USER_AGENT environment variable not set, consider setting it to identify your requests.


In [None]:
# We are going to build a graph here, 

# Graph always needs State, MessagesState is so pupular, so it is provided
from langgraph.graph import START, END, MessagesState, StateGraph
# Tool call is part 
from langchain_core.tools import tool
from langgraph.prebuilt import ToolNode, tools_condition
from typing import Annotated
from langchain_core.messages import SystemMessage, HumanMessage

#The tool is just a regular python function with input spec.
@tool(response_format="content_and_artifact")
def retrieve( query: Annotated[str, ..., "The query to search external source"]):
    """Retrieve documents based on the query string."""
    
    docs = vector_store.similarity_search(query, k=2)

    # summary text
    text = "\n\n".join(f"source: {doc.metadata['source']} \n\n content: {doc.page_content} " for doc in docs)

    return text, docs


#step 1 Query -> [Tool call | END]
def check_query(msg_state:MessagesState):
    # only after bind tools. The llm can output a ToolCall 
    # The toolCall will be invoked by graph
    llm_with_tools = llm.bind_tools([retrieve])
    # give all the message to llm
    ai_msg = llm_with_tools.invoke(msg_state['messages'])
    return {'messages': [ai_msg]}

# step 2. tool call
tools = ToolNode([retrieve])

#step 3. Generate text based on tool call results

def gen(msg_state:MessagesState):
    #retreive the messages from tool call.

    last_tool_msg = None
    for msg in reversed(msg_state['messages']):
        if msg.type == 'tool':
            last_tool_msg = msg
            break

    # 
    docs_content = last_tool_msg.content
    system_message_content = (
        "You are an assistant for question-answering tasks. "
        "Use the following pieces of retrieved context to answer "
        "the question. If you don't know the answer, say that you "
        "don't know. Use three sentences maximum and keep the "
        "answer concise."
        "\n\n"
        f"{docs_content}"
    )

    msgs = [msg 
            for msg in msg_state['messages']
            if msg.type in ('human', 'system') # keep human and system
            or (msg.type =='ai' and not msg.tool_calls) # keep ai, but not those for tool calls. tool calls already ececuted
           ]
    ans=llm.invoke([SystemMessage(system_message_content)]+ msgs)
    return {'messages': [ans]}

graph_builder = StateGraph(MessagesState)
graph_builder.add_node(check_query)
graph_builder.add_node(tools)
graph_builder.add_node(gen)
graph_builder.set_entry_point("check_query")
graph_builder.add_conditional_edges("check_query", tools_condition, {END:END, "tools": "tools"})
graph_builder.add_edge("tools", "gen")
graph_builder.add_edge("gen", END)
graph=graph_builder.compile()

from IPython.display import display, Image
display(Image(graph.get_graph().draw_mermaid_png()))


In [None]:
import os
os.environ["LANGSMITH_TRACING"] = "true"
os.environ["LANGSMITH_TRACING_V2"] = "true"

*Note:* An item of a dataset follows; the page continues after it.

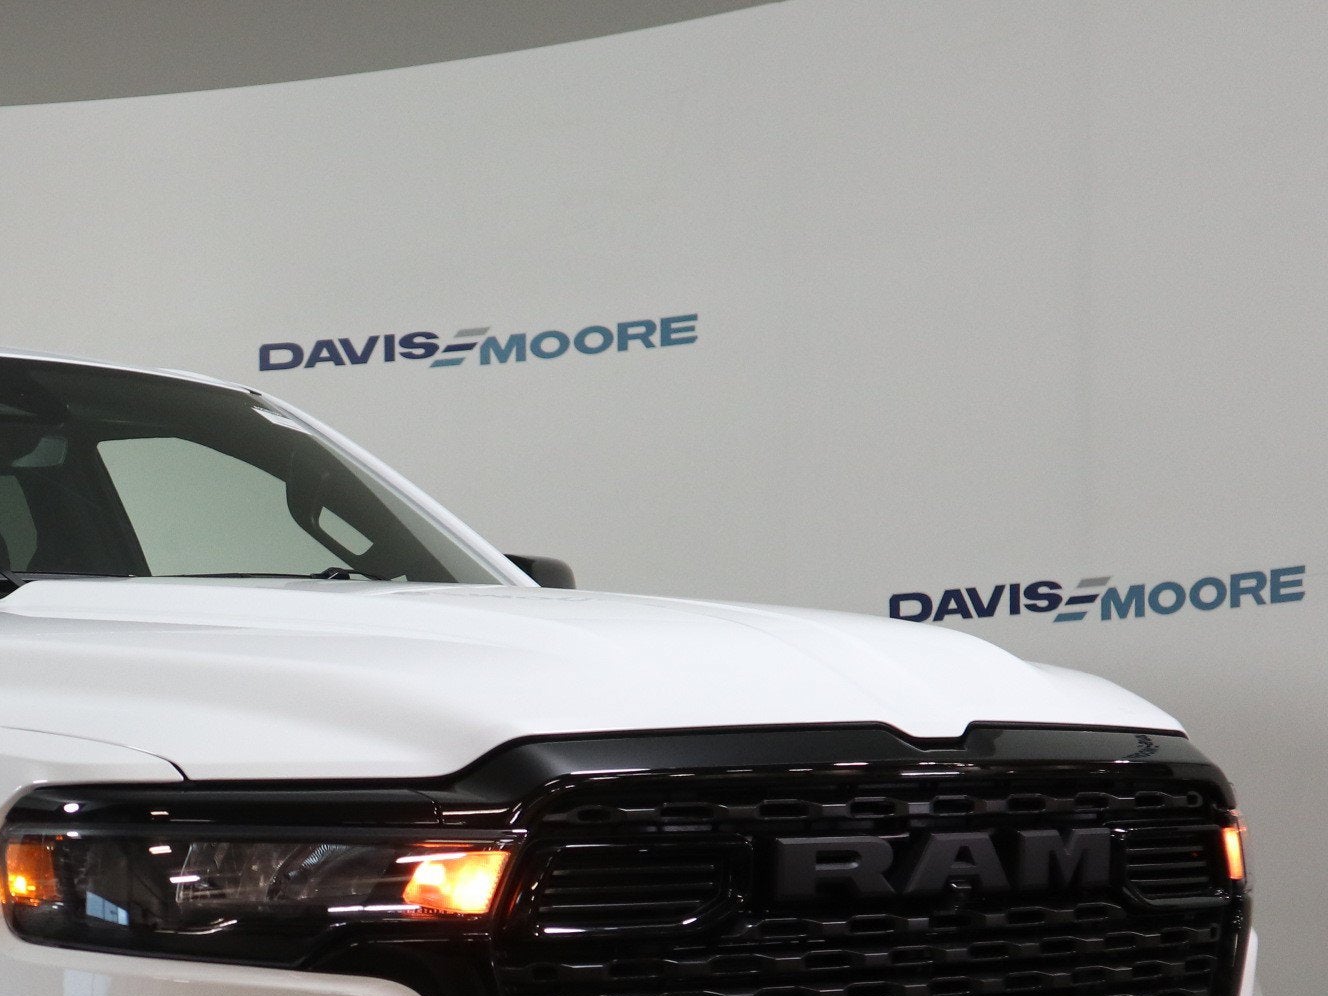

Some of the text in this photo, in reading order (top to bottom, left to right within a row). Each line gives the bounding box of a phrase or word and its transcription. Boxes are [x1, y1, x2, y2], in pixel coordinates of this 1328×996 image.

[258, 313, 699, 372] DAVIS MOORE
[889, 565, 1306, 623] DAVIS MOORE
[776, 827, 1112, 897] RAM
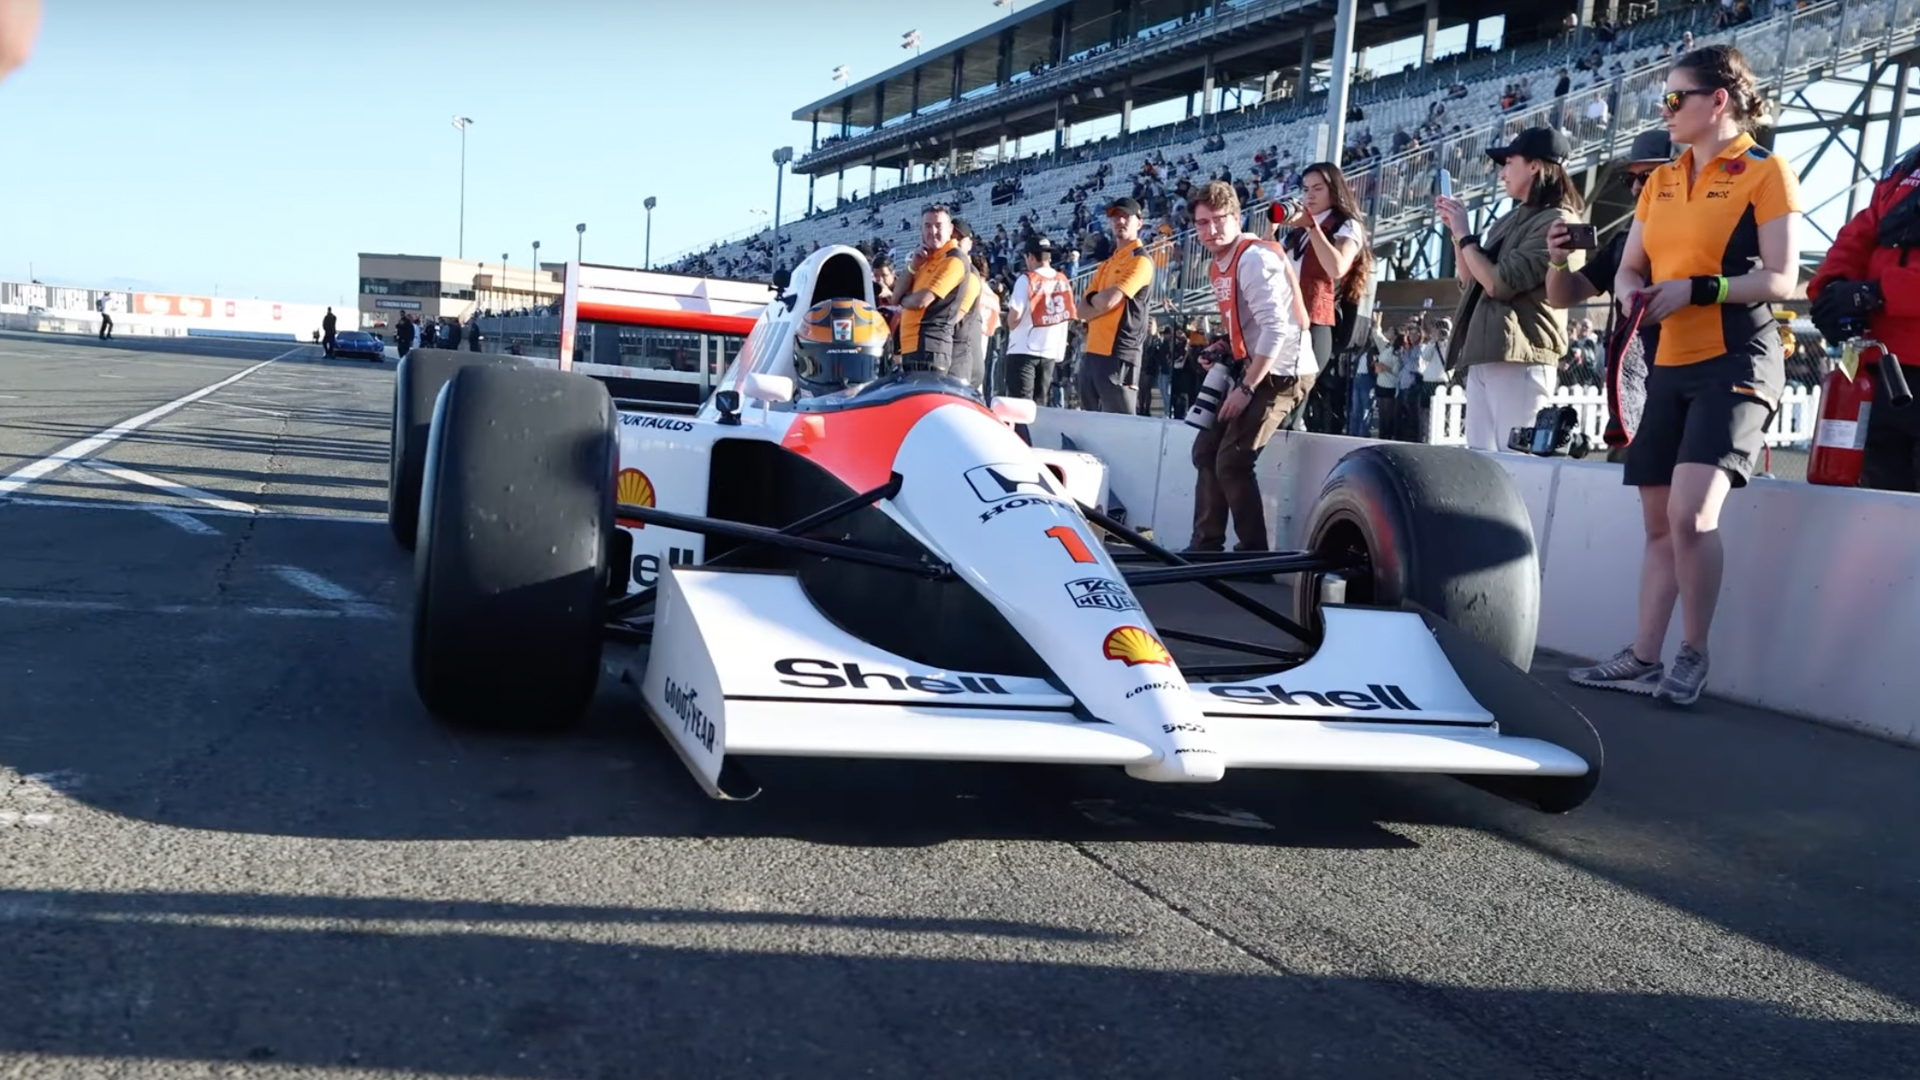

for step in graph.stream( {"messages": [{"role": "user", "content": "What is Task Decomposition?"}]}, stream_mode="values"):
    print(step['messages'][-1])


## How do memory

To remember what graph already did, 

1.  We give a checkpointer when building graph through compiling. This is like destionation (storage) of the project to save the state.
2.  We give a configured thread_id when invoke graph. This is like a key in the storage (such as user id)


## What does memory do.
Once there is a memory to save the state, the state is loaded from the storage. Then we could build a unique context using the stored state for the current graph execution. 

In this example,  the new human question is appended to all existing messages. We then select all human and AI messages, and use this messages as prefix-prompt as context for current question. 

Please note here, we doesn't use multi-turn chat session from the LLM directly. 



In [None]:
from langgraph.checkpoint.memory import MemorySaver

memory=MemorySaver()
graph1 = graph_builder.compile(checkpointer=memory)
config= {"configurable": {"thread_id": "jjrag2_1"}}
graph1.invoke({'messages': [{'role': 'user', 'content': 'What is Task Decomposition?'}]}, config=config)


In [9]:
msg_state = graph1.invoke({'messages': [{'role': 'user', 'content': 'Can you lookup some common ways of doing it?'}]}, config=config)

In [10]:
msg_state['messages'][-1].content

'Task decomposition can be done (1) by LLM with simple prompting, (2) by using task-specific instructions, or (3) with human inputs.\n'

## Agent has the same logic has manual StateGraph

+ The abstract agent decides which tool to call, and how process its result. 
+ The create_react_agent creates a compiled graph.  The graph topology is decided by agent itself. We assume the llm is smart
   enough to split the questions into small tasks.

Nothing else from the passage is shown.